**WHAT IS EXPECTED**
The listing below is to be copied exactly, with pictures excluded.

**DATASET RECORDS**
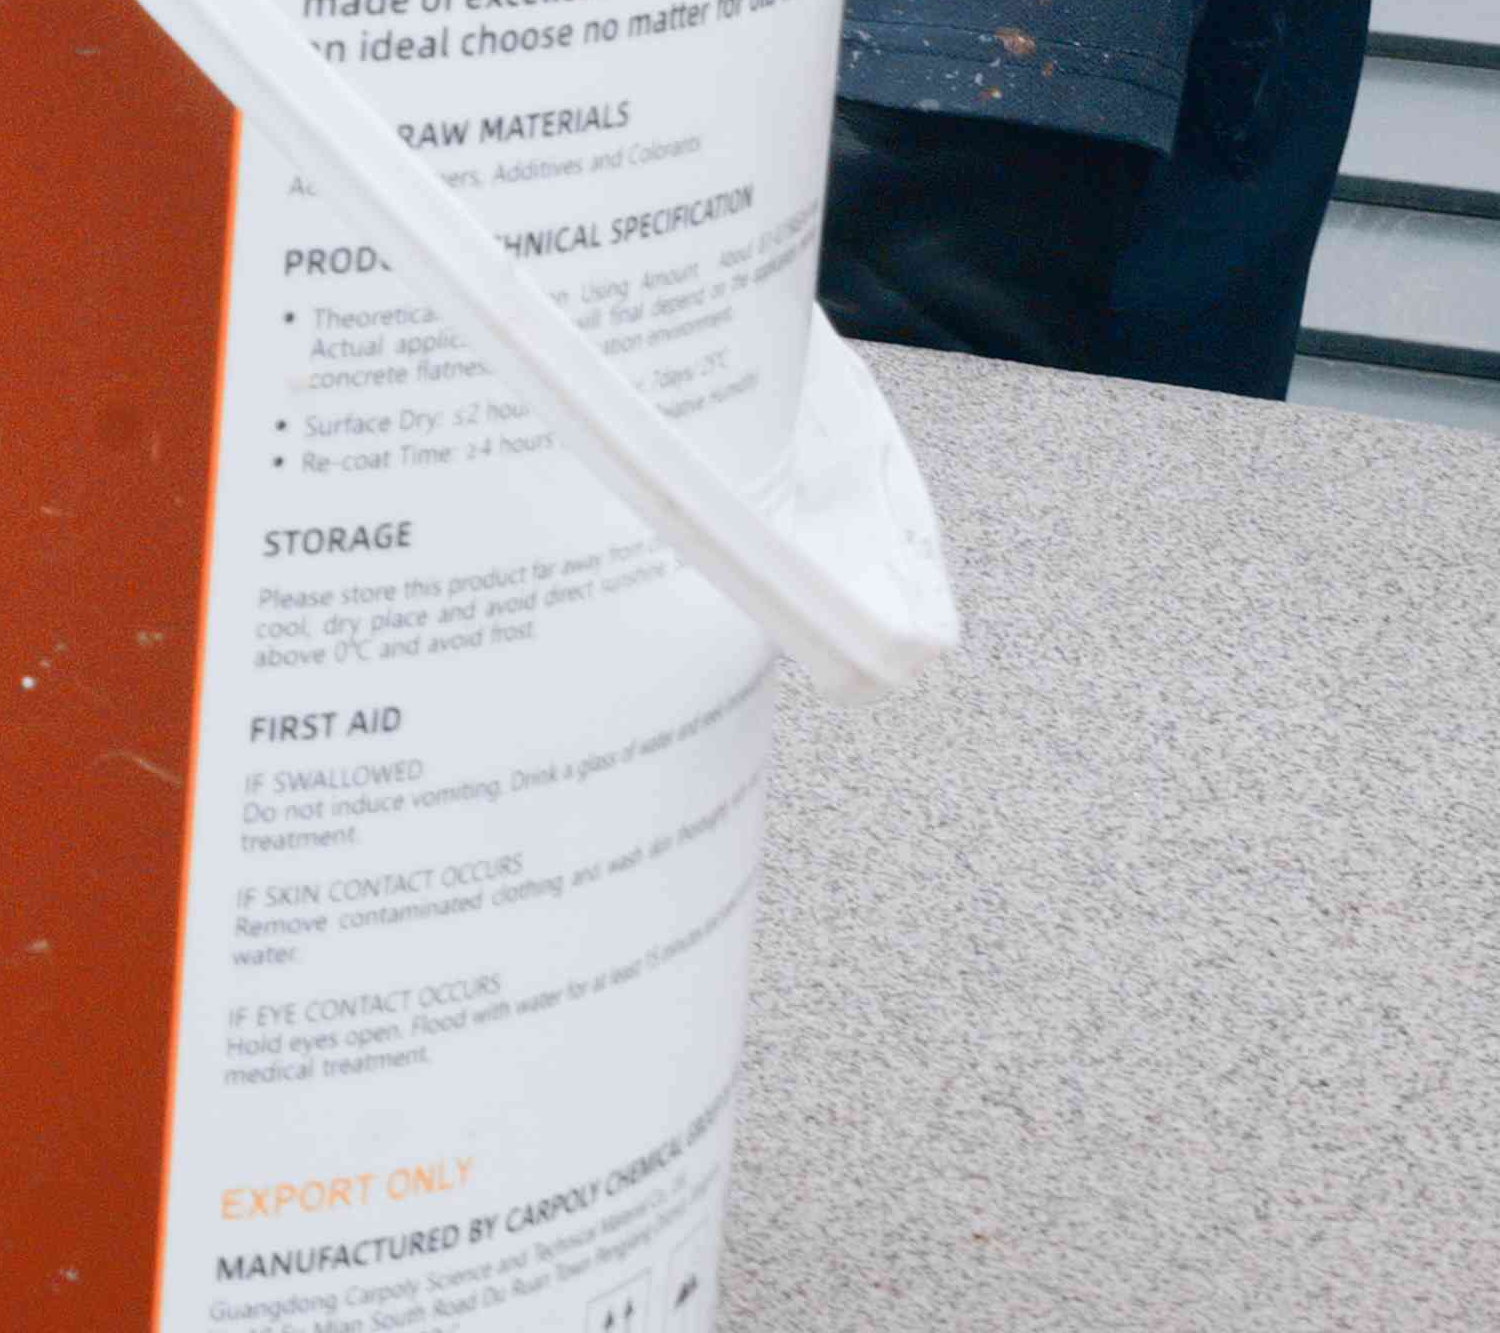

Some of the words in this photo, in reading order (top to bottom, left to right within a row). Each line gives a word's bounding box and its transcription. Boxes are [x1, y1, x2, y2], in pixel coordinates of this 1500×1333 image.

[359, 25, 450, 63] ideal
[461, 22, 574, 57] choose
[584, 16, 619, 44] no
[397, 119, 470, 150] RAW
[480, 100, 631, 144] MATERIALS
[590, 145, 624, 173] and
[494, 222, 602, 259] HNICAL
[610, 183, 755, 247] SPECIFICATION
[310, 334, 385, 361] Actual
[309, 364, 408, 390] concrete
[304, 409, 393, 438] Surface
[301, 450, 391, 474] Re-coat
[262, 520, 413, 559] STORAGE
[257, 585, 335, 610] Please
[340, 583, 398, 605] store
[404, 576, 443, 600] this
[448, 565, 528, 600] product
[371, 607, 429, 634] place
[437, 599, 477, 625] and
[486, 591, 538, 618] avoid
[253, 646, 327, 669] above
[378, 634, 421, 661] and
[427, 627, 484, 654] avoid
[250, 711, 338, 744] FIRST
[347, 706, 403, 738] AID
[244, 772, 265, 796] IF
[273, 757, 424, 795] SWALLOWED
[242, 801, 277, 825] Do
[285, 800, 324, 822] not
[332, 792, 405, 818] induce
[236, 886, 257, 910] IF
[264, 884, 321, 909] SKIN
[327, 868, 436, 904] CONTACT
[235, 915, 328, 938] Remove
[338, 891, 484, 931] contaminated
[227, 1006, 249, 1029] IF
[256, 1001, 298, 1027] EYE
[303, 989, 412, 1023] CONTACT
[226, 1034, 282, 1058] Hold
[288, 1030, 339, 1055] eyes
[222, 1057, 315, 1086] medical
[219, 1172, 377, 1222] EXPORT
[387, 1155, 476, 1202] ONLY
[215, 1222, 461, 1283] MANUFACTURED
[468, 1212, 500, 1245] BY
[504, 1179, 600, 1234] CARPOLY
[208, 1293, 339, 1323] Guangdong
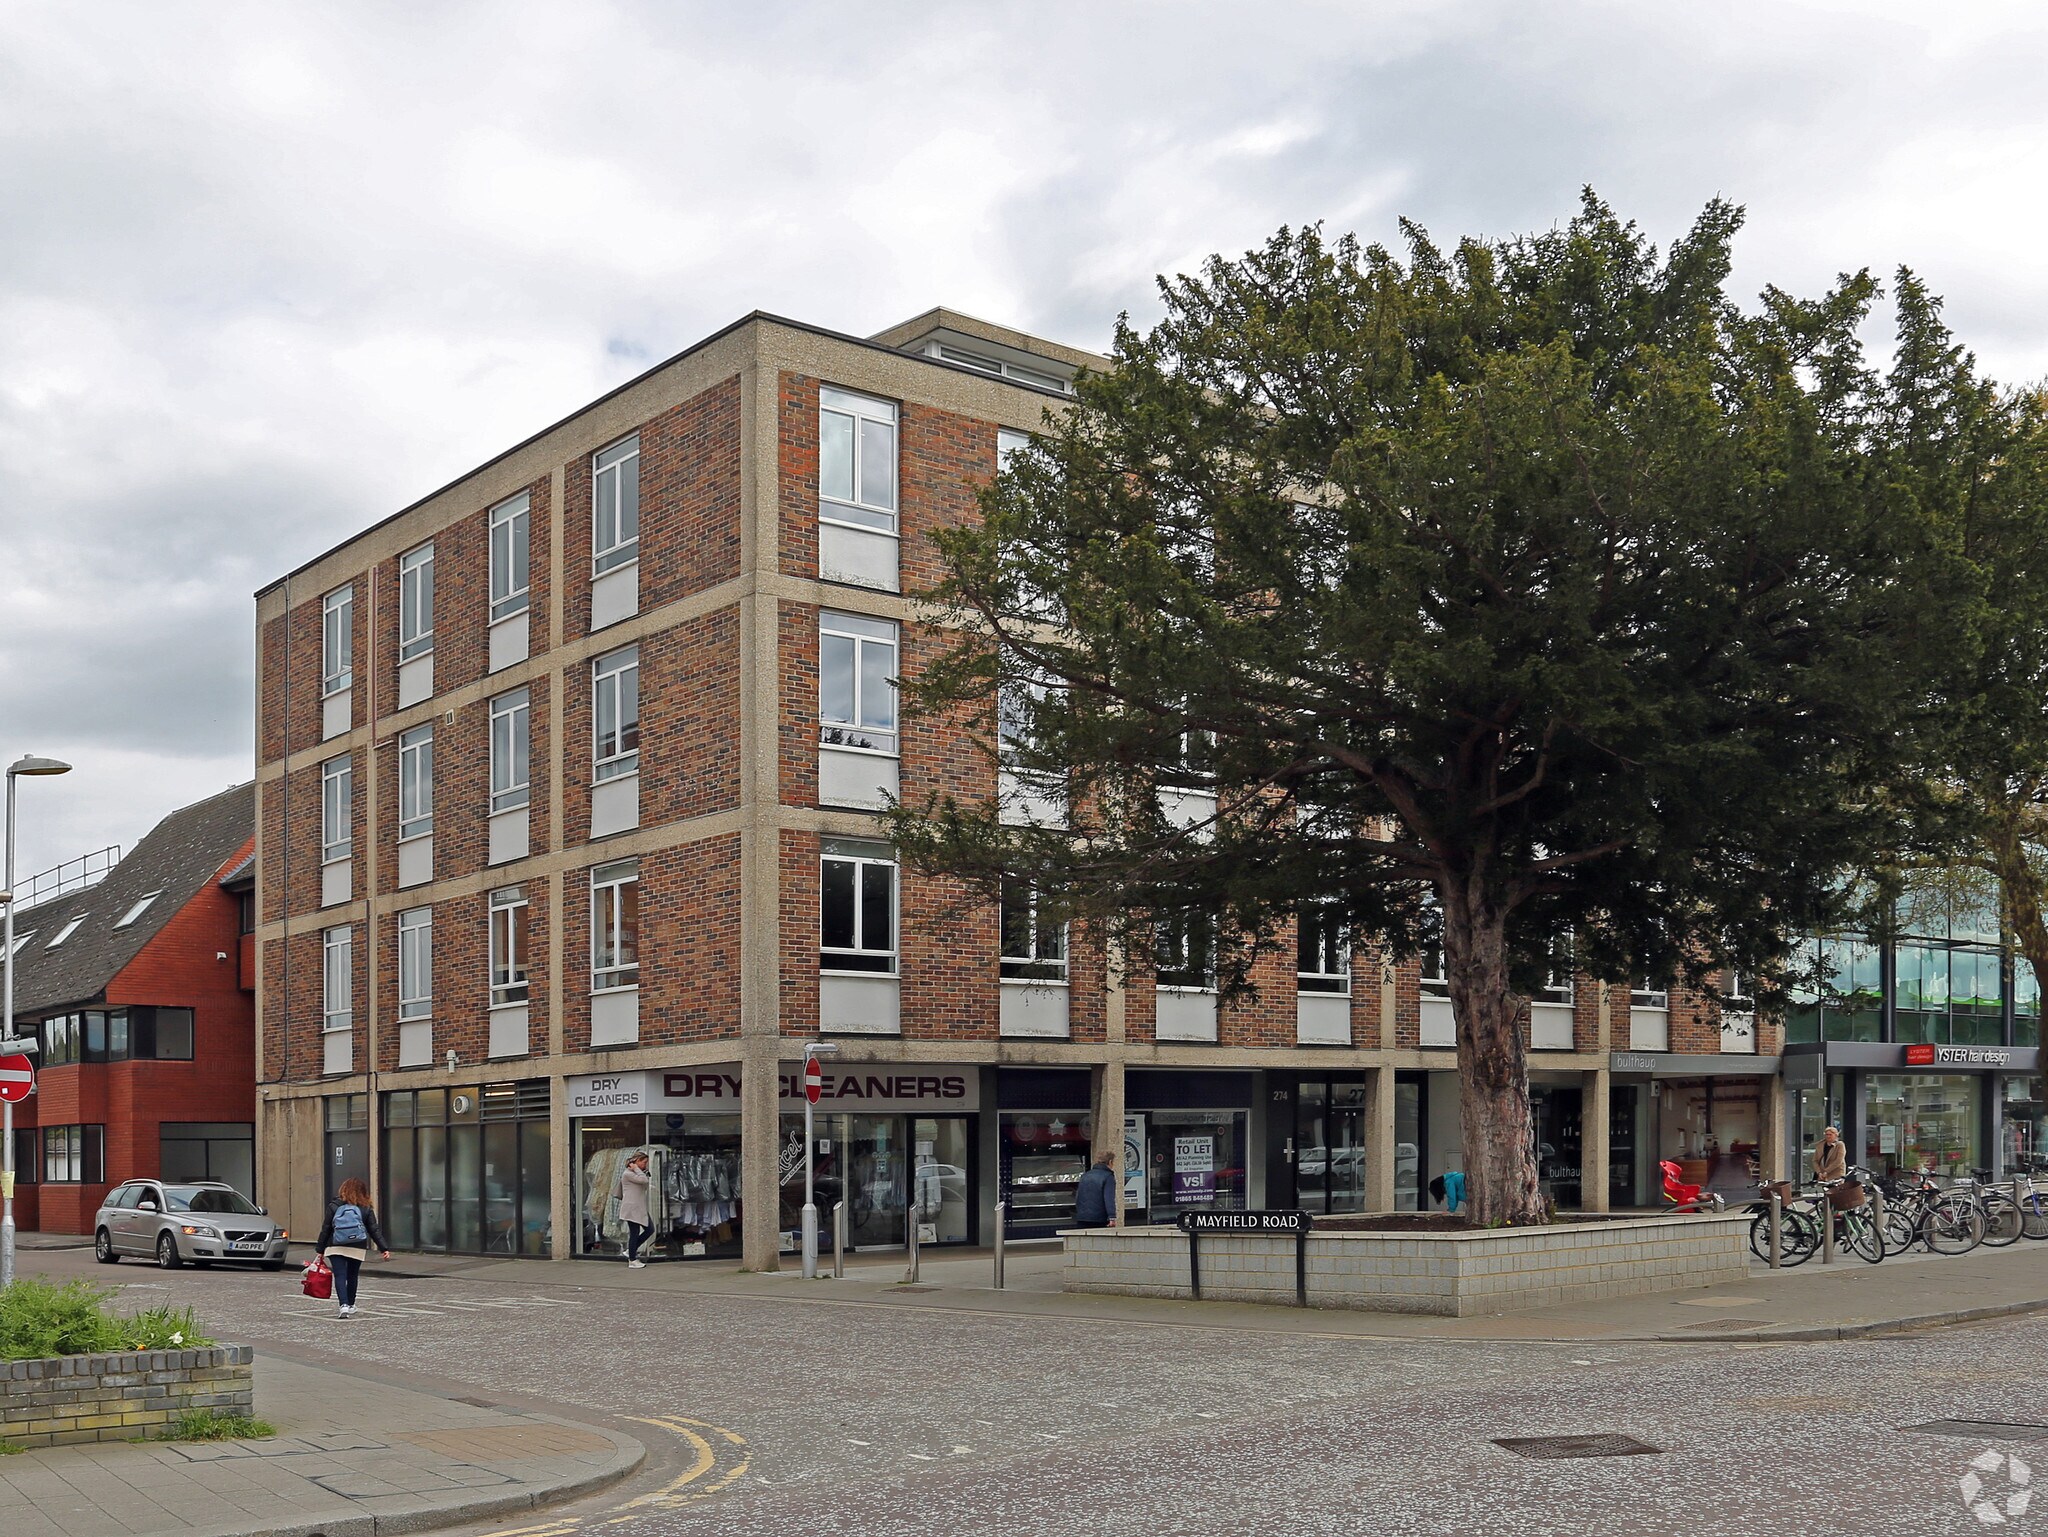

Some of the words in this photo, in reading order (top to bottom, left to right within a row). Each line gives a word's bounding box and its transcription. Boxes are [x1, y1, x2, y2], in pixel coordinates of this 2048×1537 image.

**REPLY TO THE EXERCISE**
Some of the words in this photo, in reading order (top to bottom, left to right within a row). Each line gives a word's bounding box and its transcription. Boxes are [x1, y1, x2, y2], in pixel coordinates of this 1500×1333 image.

[359, 25, 450, 63] ideal
[461, 22, 574, 57] choose
[584, 16, 619, 44] no
[397, 119, 470, 150] RAW
[480, 100, 631, 144] MATERIALS
[590, 145, 624, 173] and
[494, 222, 602, 259] HNICAL
[610, 183, 755, 247] SPECIFICATION
[310, 334, 385, 361] Actual
[309, 364, 408, 390] concrete
[304, 409, 393, 438] Surface
[301, 450, 391, 474] Re-coat
[262, 520, 413, 559] STORAGE
[257, 585, 335, 610] Please
[340, 583, 398, 605] store
[404, 576, 443, 600] this
[448, 565, 528, 600] product
[371, 607, 429, 634] place
[437, 599, 477, 625] and
[486, 591, 538, 618] avoid
[253, 646, 327, 669] above
[378, 634, 421, 661] and
[427, 627, 484, 654] avoid
[250, 711, 338, 744] FIRST
[347, 706, 403, 738] AID
[244, 772, 265, 796] IF
[273, 757, 424, 795] SWALLOWED
[242, 801, 277, 825] Do
[285, 800, 324, 822] not
[332, 792, 405, 818] induce
[236, 886, 257, 910] IF
[264, 884, 321, 909] SKIN
[327, 868, 436, 904] CONTACT
[235, 915, 328, 938] Remove
[338, 891, 484, 931] contaminated
[227, 1006, 249, 1029] IF
[256, 1001, 298, 1027] EYE
[303, 989, 412, 1023] CONTACT
[226, 1034, 282, 1058] Hold
[288, 1030, 339, 1055] eyes
[222, 1057, 315, 1086] medical
[219, 1172, 377, 1222] EXPORT
[387, 1155, 476, 1202] ONLY
[215, 1222, 461, 1283] MANUFACTURED
[468, 1212, 500, 1245] BY
[504, 1179, 600, 1234] CARPOLY
[208, 1293, 339, 1323] Guangdong

Some of the words in this photo, in reading order (top to bottom, left to right within a row). Each line gives a word's bounding box and its transcription. Boxes are [x1, y1, x2, y2], in pixel coordinates of this 2048×1537 image.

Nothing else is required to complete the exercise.